• _TASK TO COMPLETE_:
Your job here is to restate every record exactly, pictures excluded.

• _DATA_:
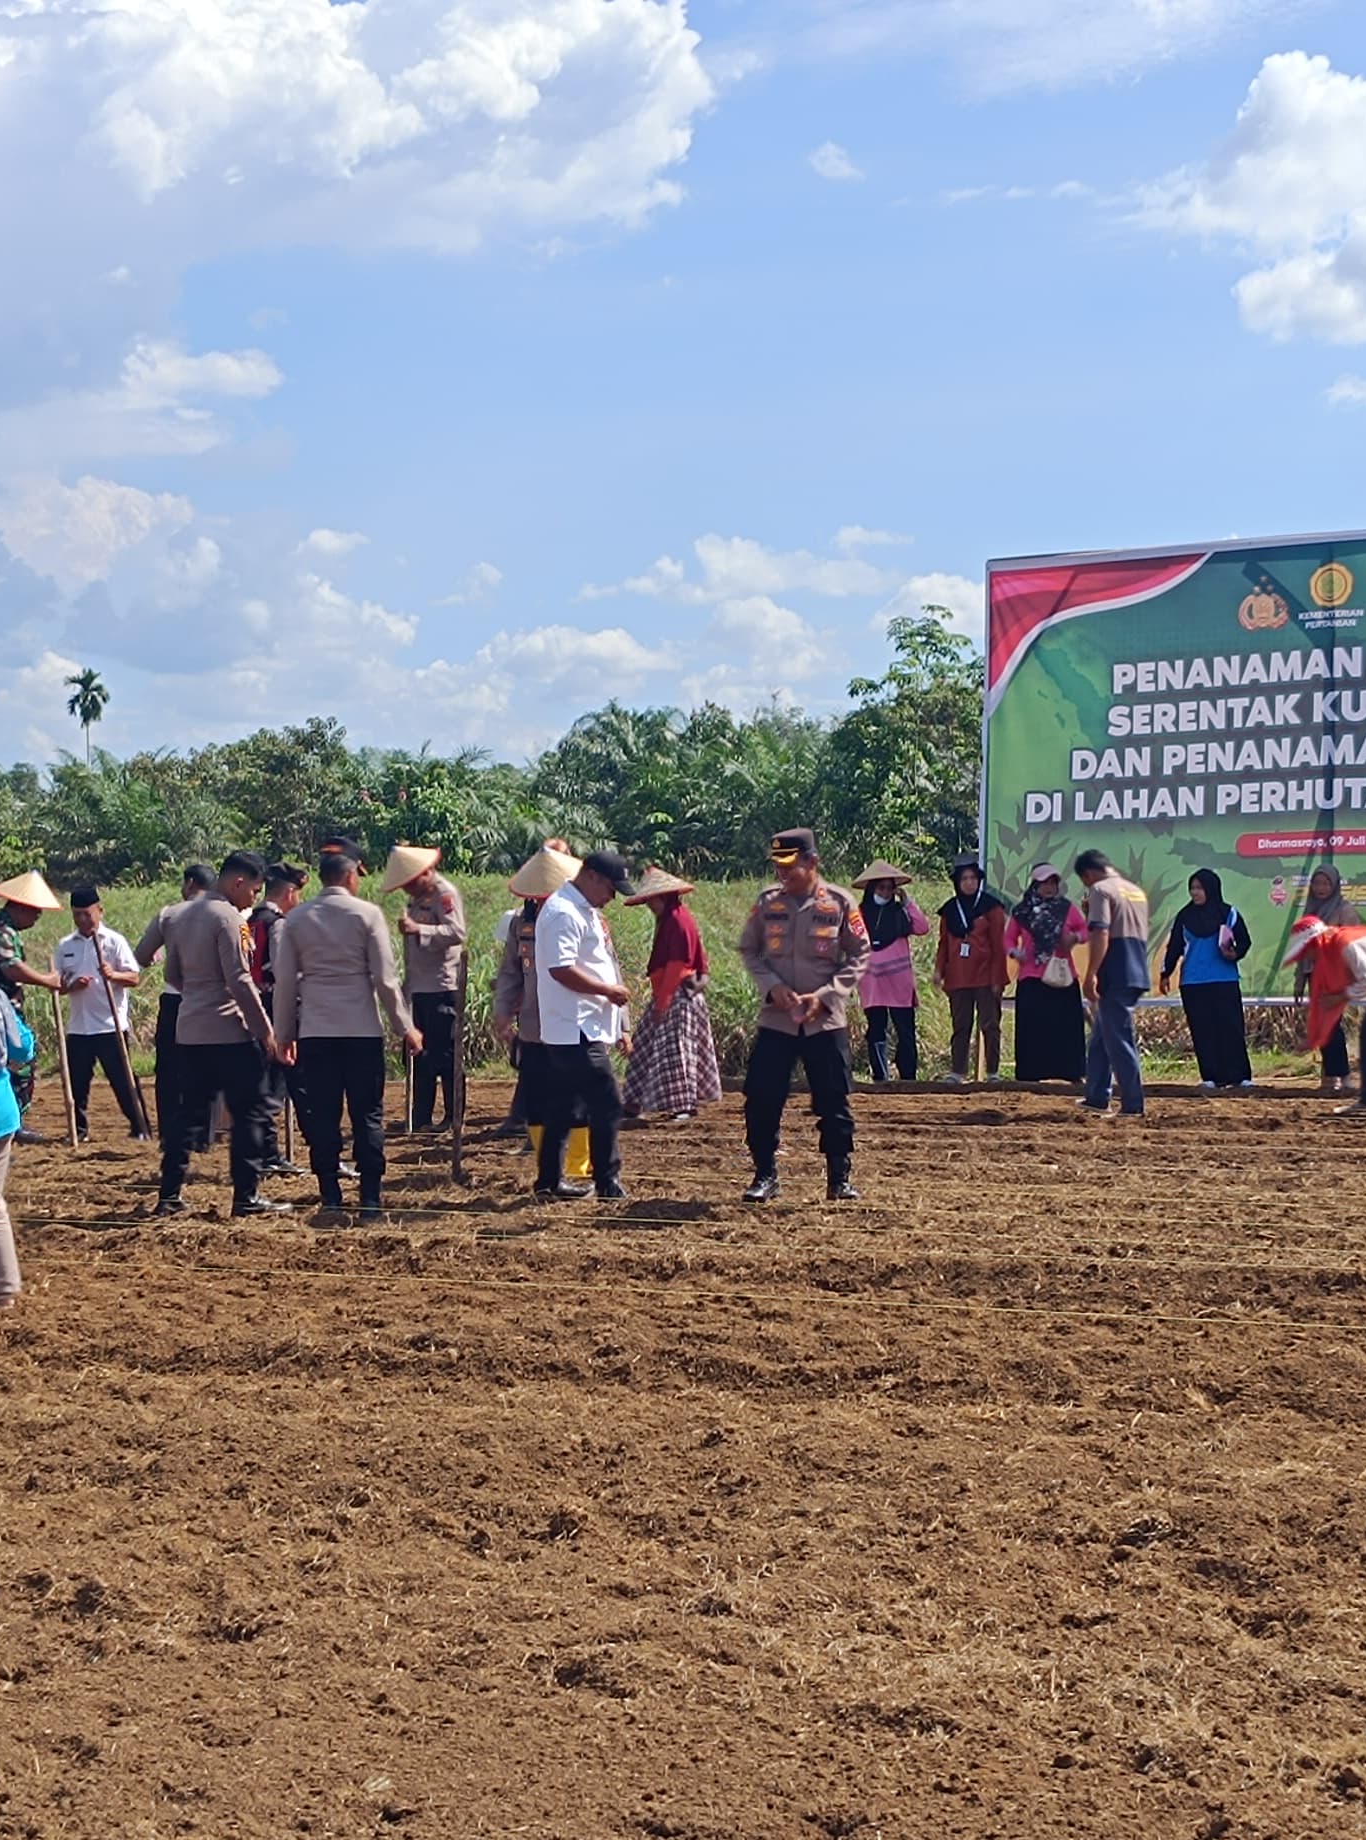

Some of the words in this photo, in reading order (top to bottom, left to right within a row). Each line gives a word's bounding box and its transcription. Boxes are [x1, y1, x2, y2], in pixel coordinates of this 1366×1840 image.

[1298, 609, 1364, 620] KEMENTERIAN
[1305, 619, 1356, 629] PERTANIAN
[1112, 646, 1363, 695] PENANAMAN
[1107, 693, 1302, 737] SERENTAK
[1071, 746, 1151, 780] DAN
[1025, 791, 1062, 823] DI
[1074, 785, 1204, 822] LAHAN
[1329, 837, 1344, 847] 09
[1347, 835, 1366, 846] Juli
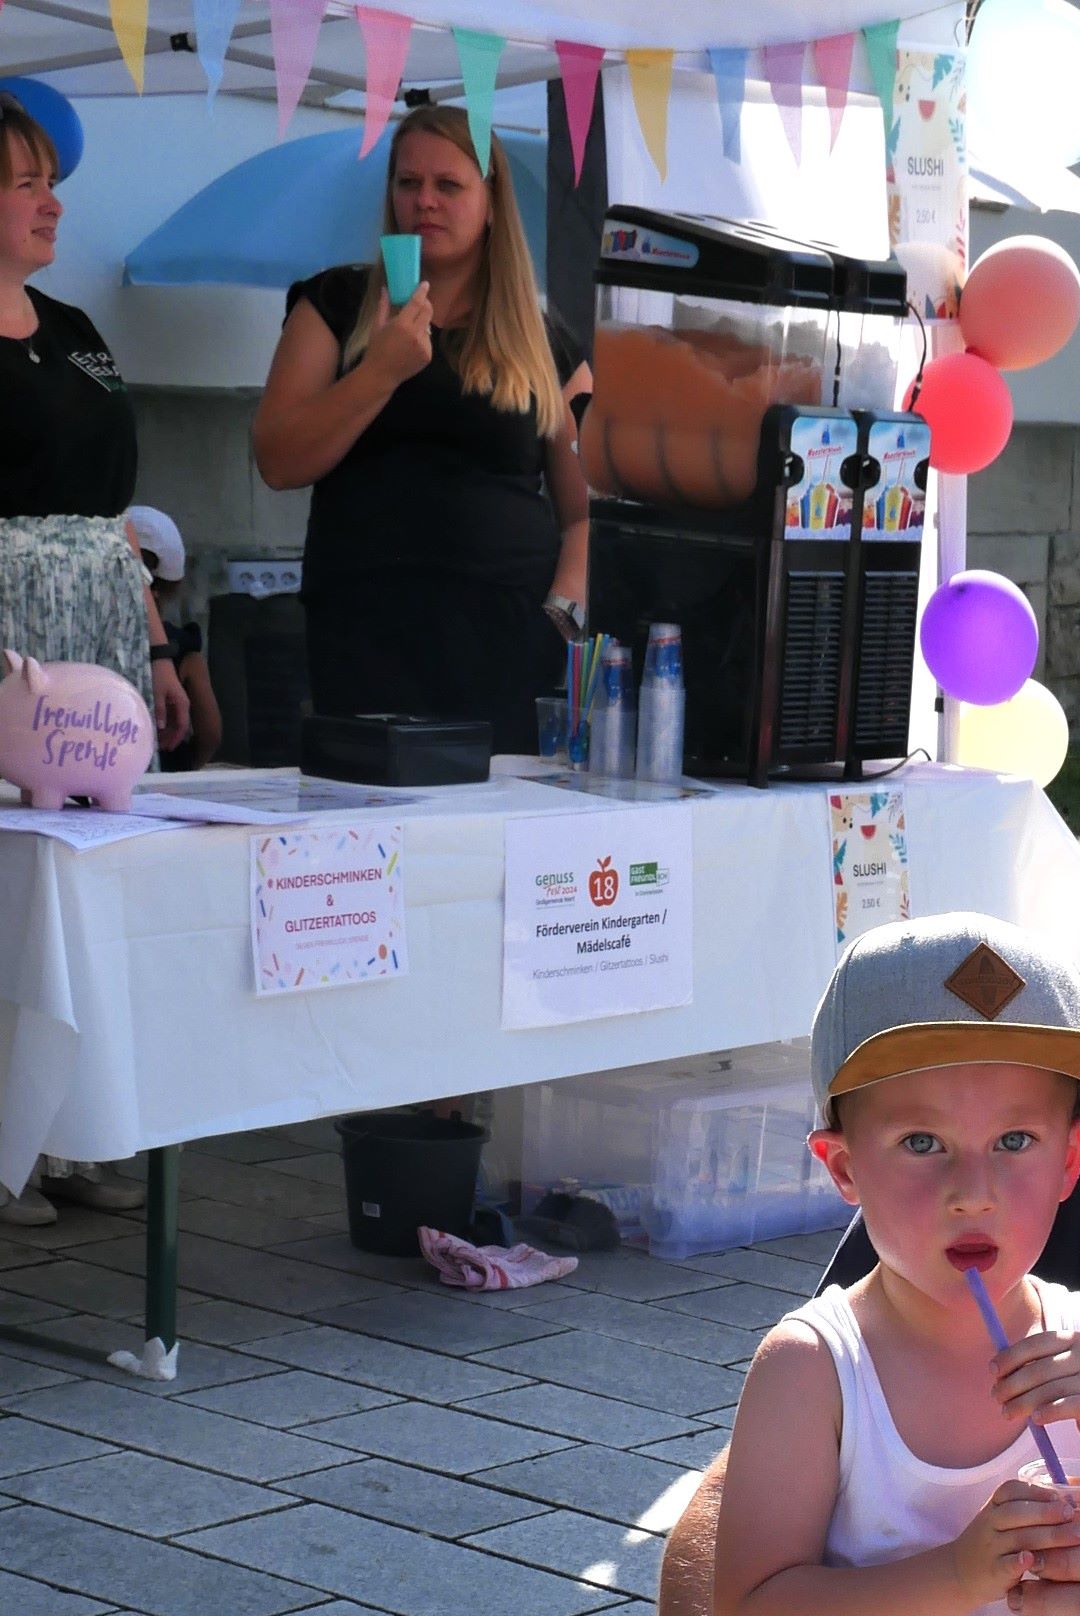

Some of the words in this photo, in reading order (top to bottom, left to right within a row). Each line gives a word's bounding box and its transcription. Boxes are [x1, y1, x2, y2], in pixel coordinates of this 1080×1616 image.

[907, 156, 944, 176] SLUSHI
[42, 729, 117, 771] Spende
[276, 868, 382, 890] KINDERSCHMINKEN
[853, 862, 887, 877] SLUSHI
[593, 876, 615, 901] 18
[326, 894, 334, 907] &
[284, 911, 377, 933] GLITZERTATTOOS
[536, 918, 599, 938] Förderverein
[601, 912, 660, 931] Kindergarten
[661, 908, 667, 925] /
[576, 934, 631, 954] Mädelscafé
[532, 963, 593, 980] Kinderschminken
[649, 953, 669, 965] Slushi
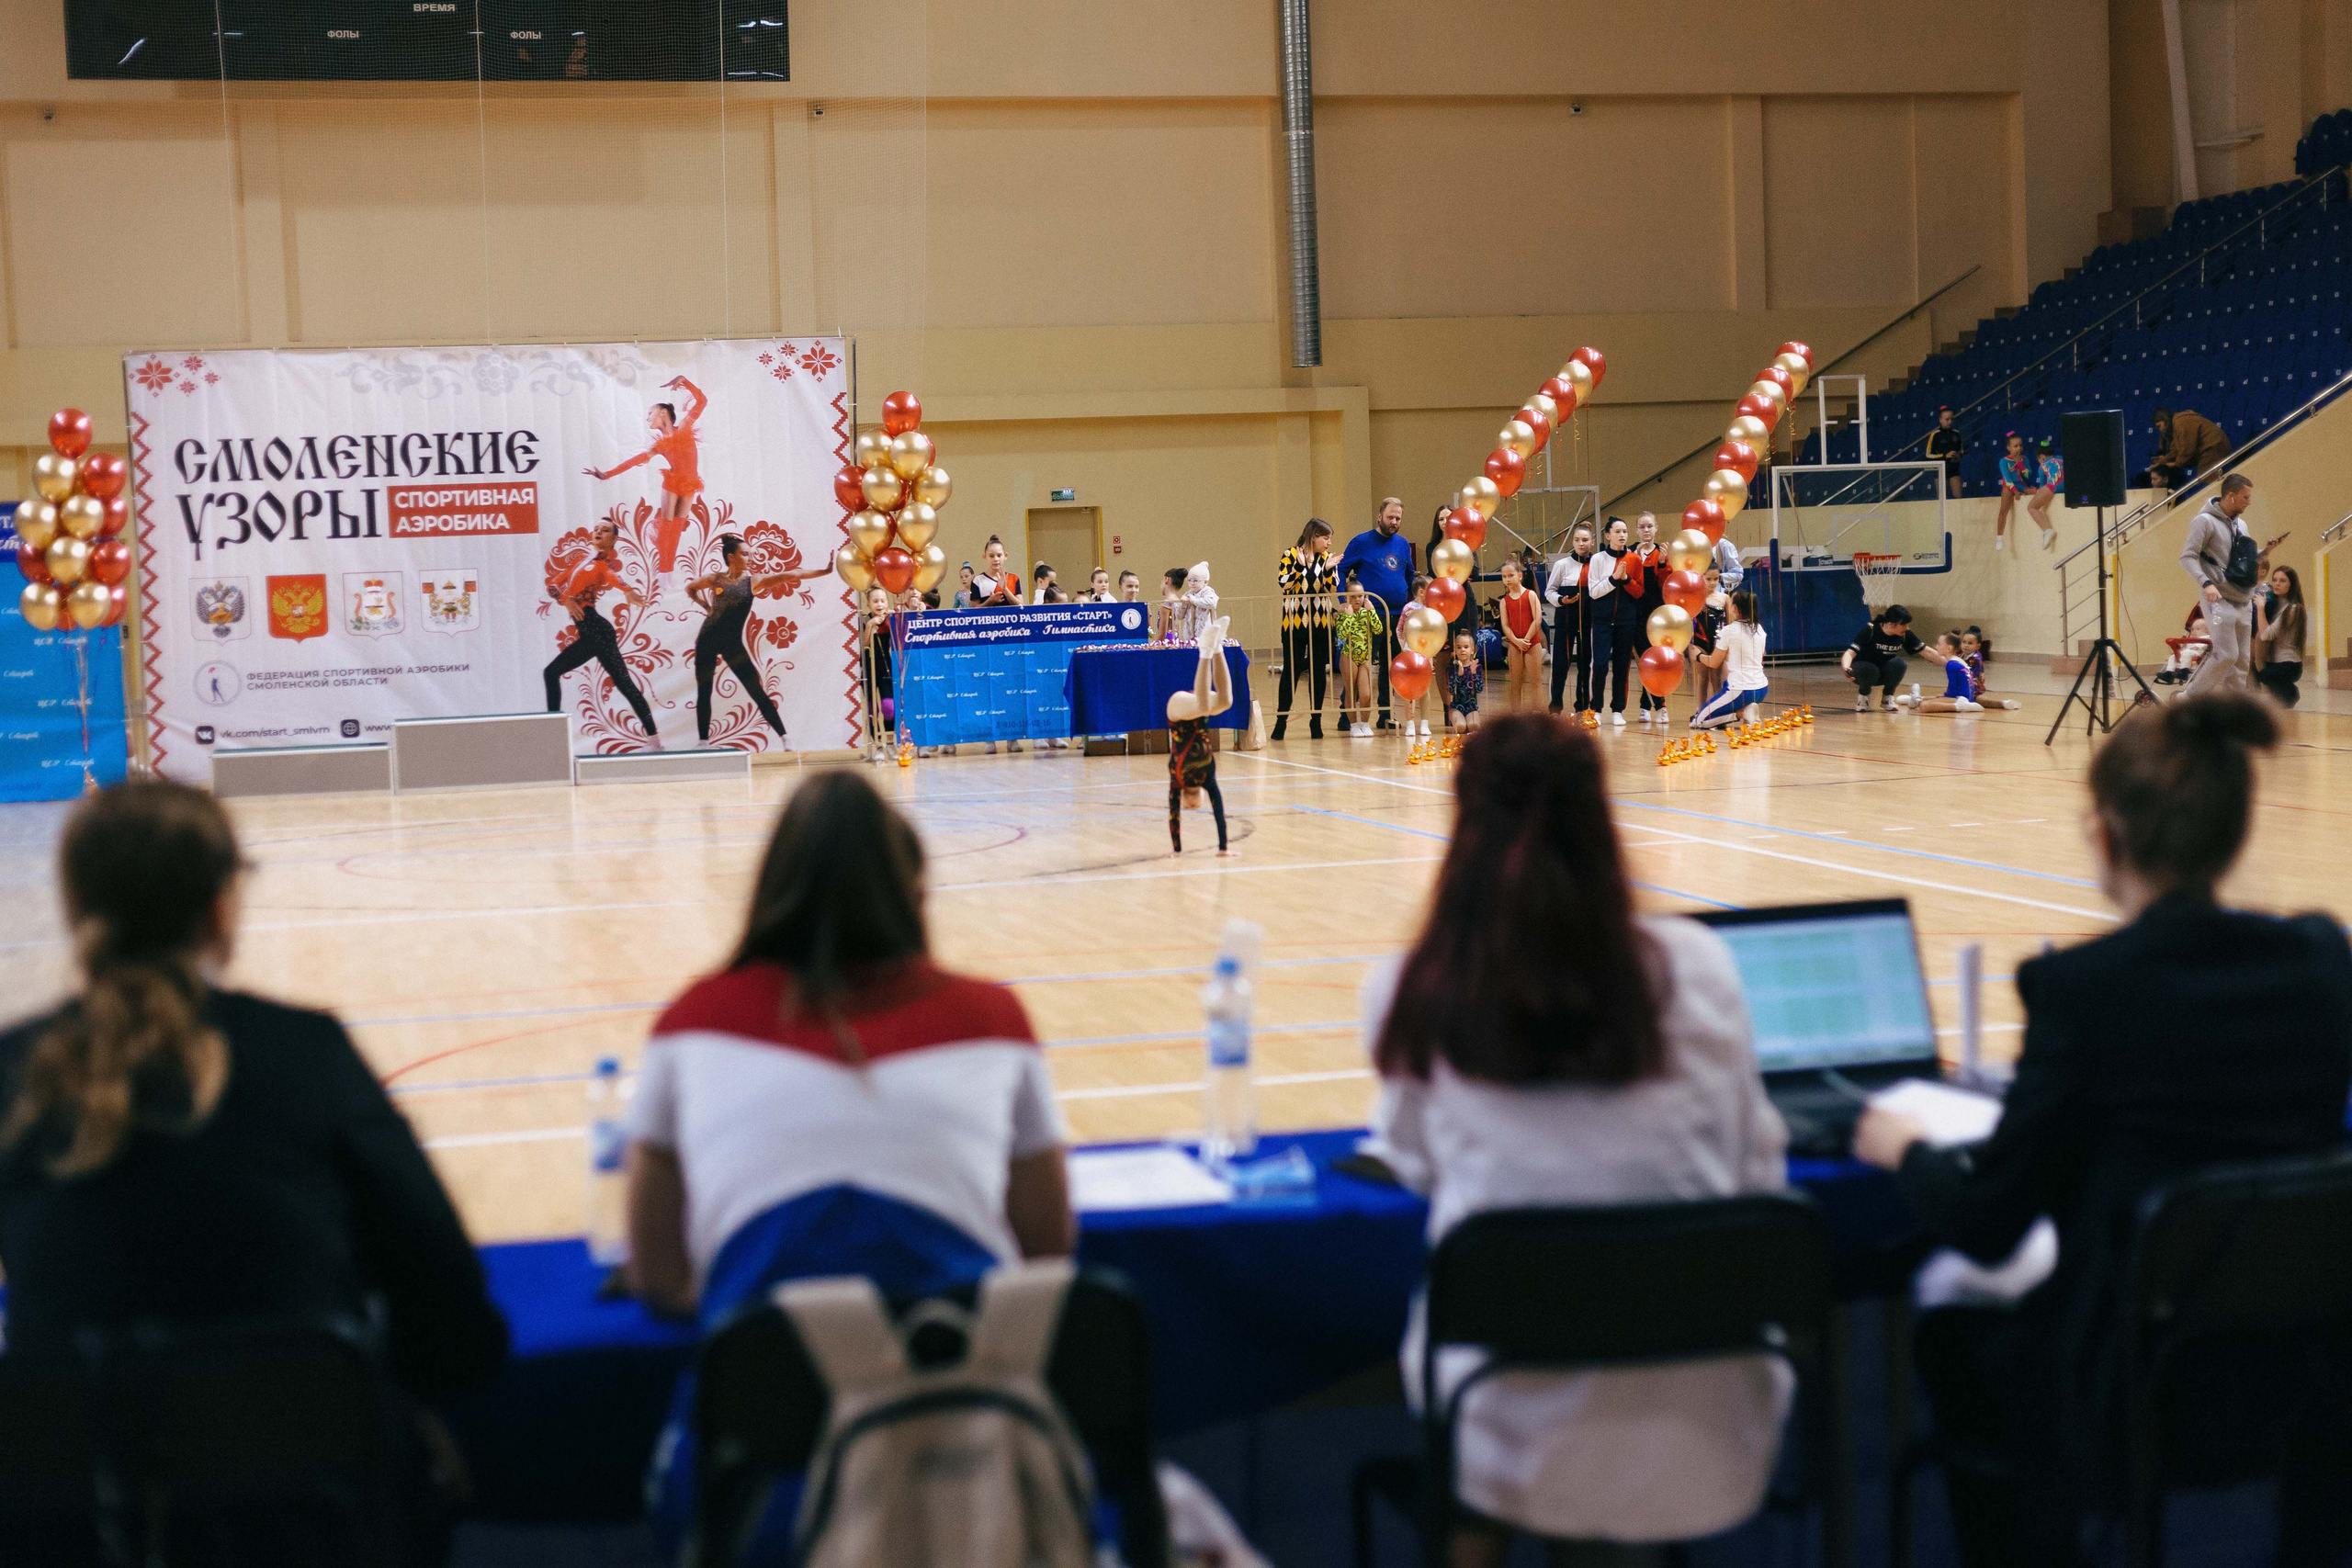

• _EXERCISE RESPONSE_:
Some of the words in this photo, in reading order (top to bottom, left to right within a row). Each line gives a word's bounding box and its transcription. Boxes are [x1, y1, x2, y2], in pixel coordinates of this 1366×1840 image.

[1298, 609, 1364, 620] KEMENTERIAN
[1305, 619, 1356, 629] PERTANIAN
[1112, 646, 1363, 695] PENANAMAN
[1107, 693, 1302, 737] SERENTAK
[1071, 746, 1151, 780] DAN
[1025, 791, 1062, 823] DI
[1074, 785, 1204, 822] LAHAN
[1329, 837, 1344, 847] 09
[1347, 835, 1366, 846] Juli

Some of the words in this photo, in reading order (top to bottom, left to right within a row). Each line gives a word's bounding box and its transcription. Boxes are [x1, y1, x2, y2], in pixel coordinates of this 1080×1616 image.

[907, 156, 944, 176] SLUSHI
[42, 729, 117, 771] Spende
[276, 868, 382, 890] KINDERSCHMINKEN
[853, 862, 887, 877] SLUSHI
[593, 876, 615, 901] 18
[326, 894, 334, 907] &
[284, 911, 377, 933] GLITZERTATTOOS
[536, 918, 599, 938] Förderverein
[601, 912, 660, 931] Kindergarten
[661, 908, 667, 925] /
[576, 934, 631, 954] Mädelscafé
[532, 963, 593, 980] Kinderschminken
[649, 953, 669, 965] Slushi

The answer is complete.